YOUR GOAL>
No pictures in the copy. Write out the listing below exactly.

DATA SUPPLIED>
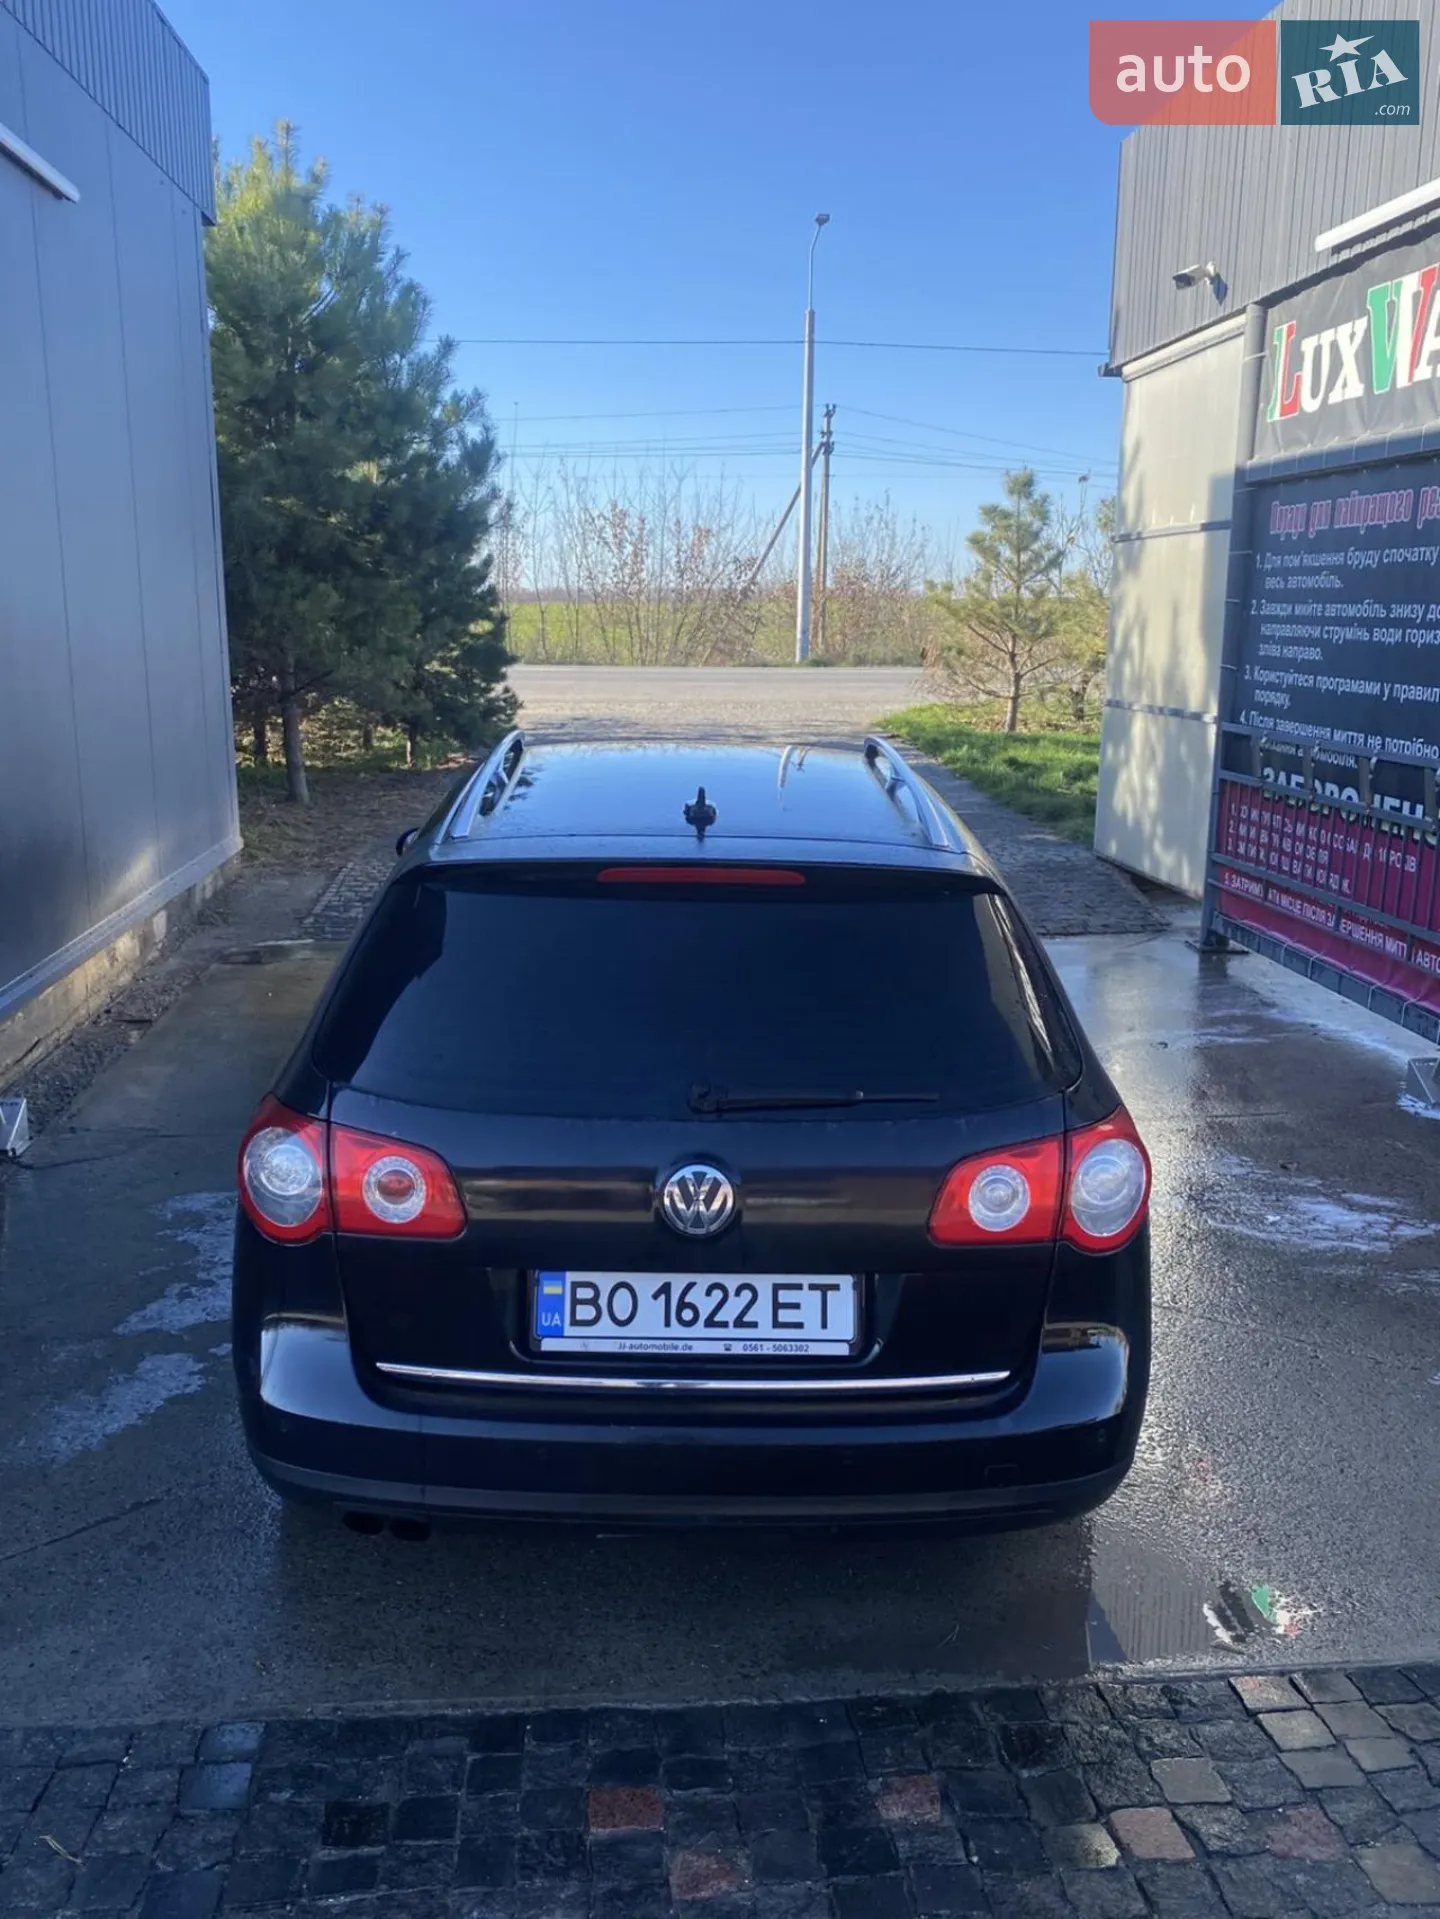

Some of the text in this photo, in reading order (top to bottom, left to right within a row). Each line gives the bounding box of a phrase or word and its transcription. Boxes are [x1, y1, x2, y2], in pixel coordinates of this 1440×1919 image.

[1347, 547, 1381, 569] бруду
[1383, 545, 1440, 567] спочатку
[1324, 600, 1386, 618] автомобіль
[1389, 603, 1425, 624] знизу
[1323, 622, 1370, 644] струмінь
[1373, 627, 1402, 646] води
[1316, 675, 1381, 696] програмами
[1383, 682, 1391, 701] у
[1393, 683, 1440, 704] правил
[1333, 728, 1365, 748] миття
[1367, 733, 1381, 749] не
[652, 1281, 759, 1330] 1622
[772, 1282, 841, 1330] ET
[541, 1312, 562, 1327] UA
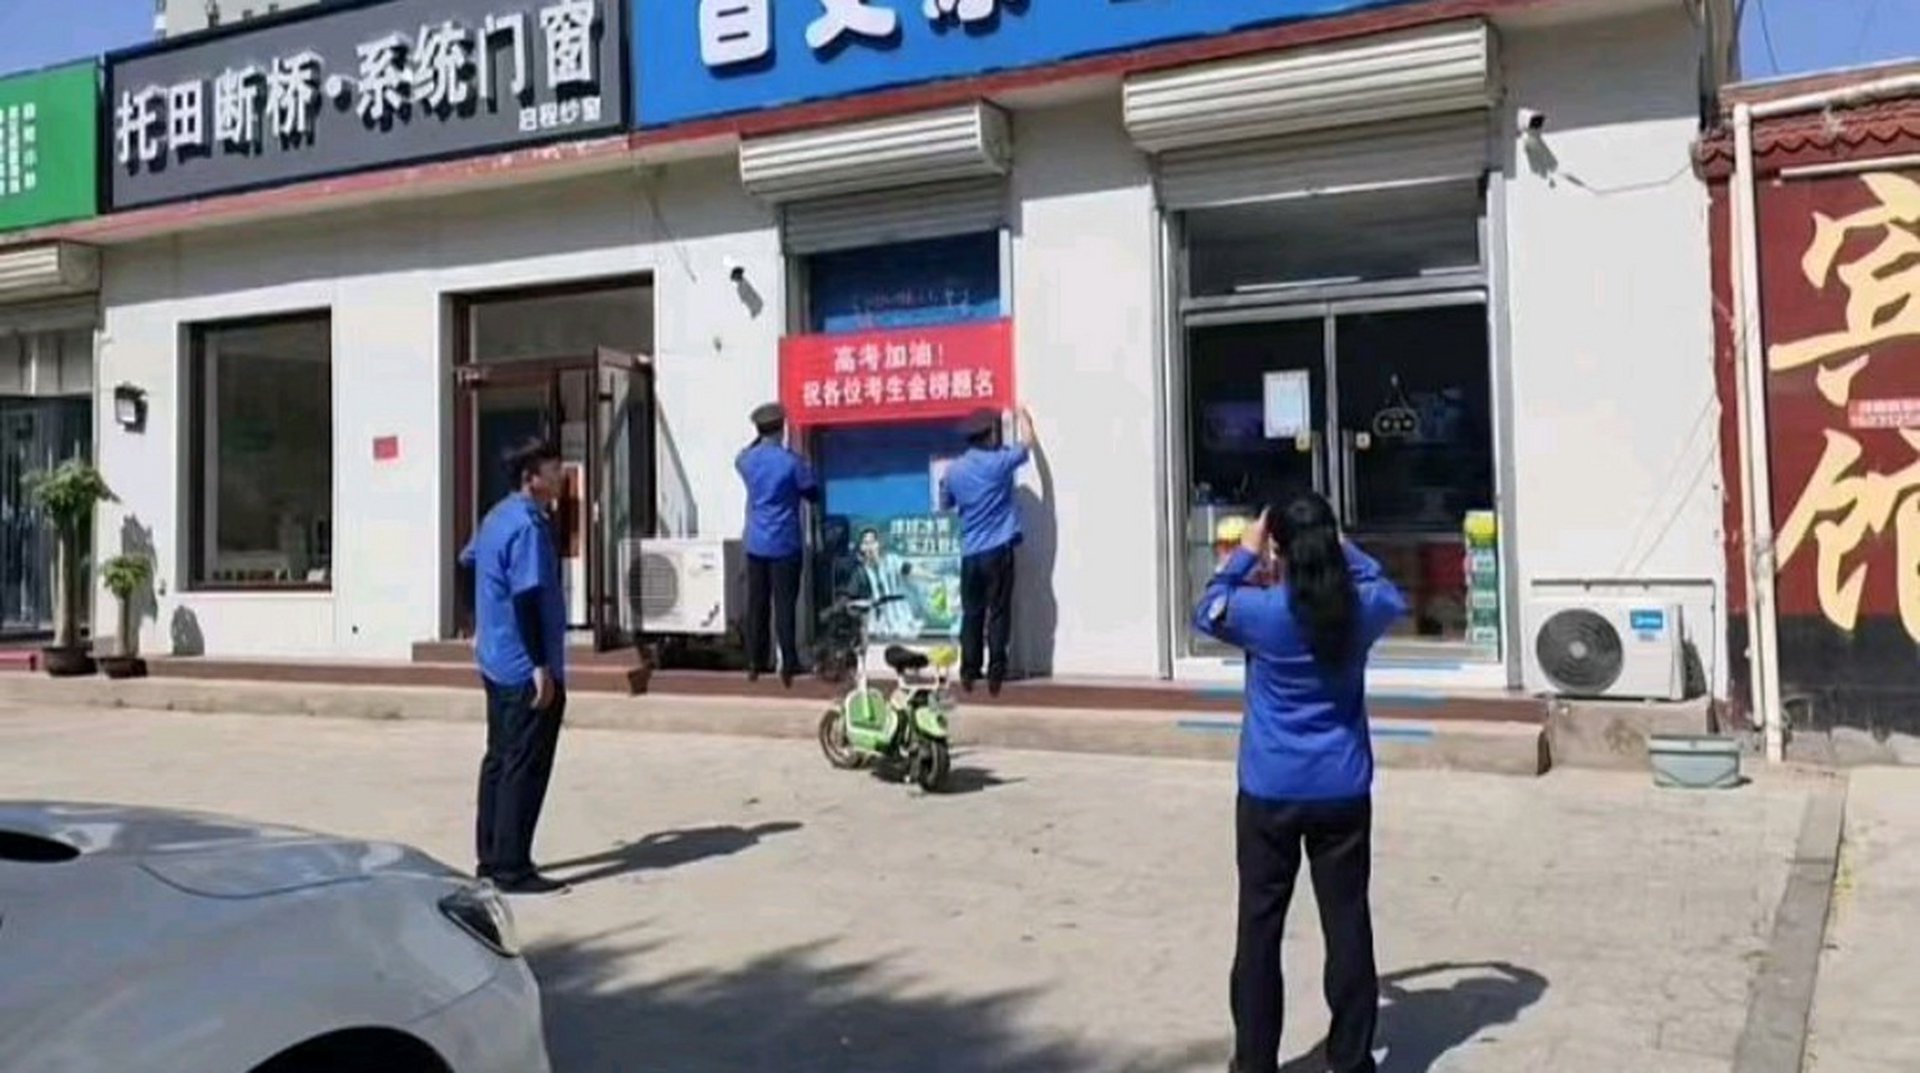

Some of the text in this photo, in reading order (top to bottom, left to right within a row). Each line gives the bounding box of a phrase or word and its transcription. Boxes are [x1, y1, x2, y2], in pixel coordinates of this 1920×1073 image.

[803, 367, 995, 408] 祝各位考生金榜题名

ANSWER FOR THIS EXERCISE>
Some of the text in this photo, in reading order (top to bottom, left to right within a row). Each line gives the bounding box of a phrase or word and its transcription. Boxes are [x1, y1, x2, y2], in pixel coordinates of this 1440×1919 image.

[1347, 547, 1381, 569] бруду
[1383, 545, 1440, 567] спочатку
[1324, 600, 1386, 618] автомобіль
[1389, 603, 1425, 624] знизу
[1323, 622, 1370, 644] струмінь
[1373, 627, 1402, 646] води
[1316, 675, 1381, 696] програмами
[1383, 682, 1391, 701] у
[1393, 683, 1440, 704] правил
[1333, 728, 1365, 748] миття
[1367, 733, 1381, 749] не
[652, 1281, 759, 1330] 1622
[772, 1282, 841, 1330] ET
[541, 1312, 562, 1327] UA

Some of the text in this photo, in reading order (top to bottom, left to right within a row). Each line gives the bounding box of a phrase or word and its transcription. Boxes are [x1, y1, x2, y2], in pixel coordinates of this 1920×1073 image.

[803, 367, 995, 408] 祝各位考生金榜题名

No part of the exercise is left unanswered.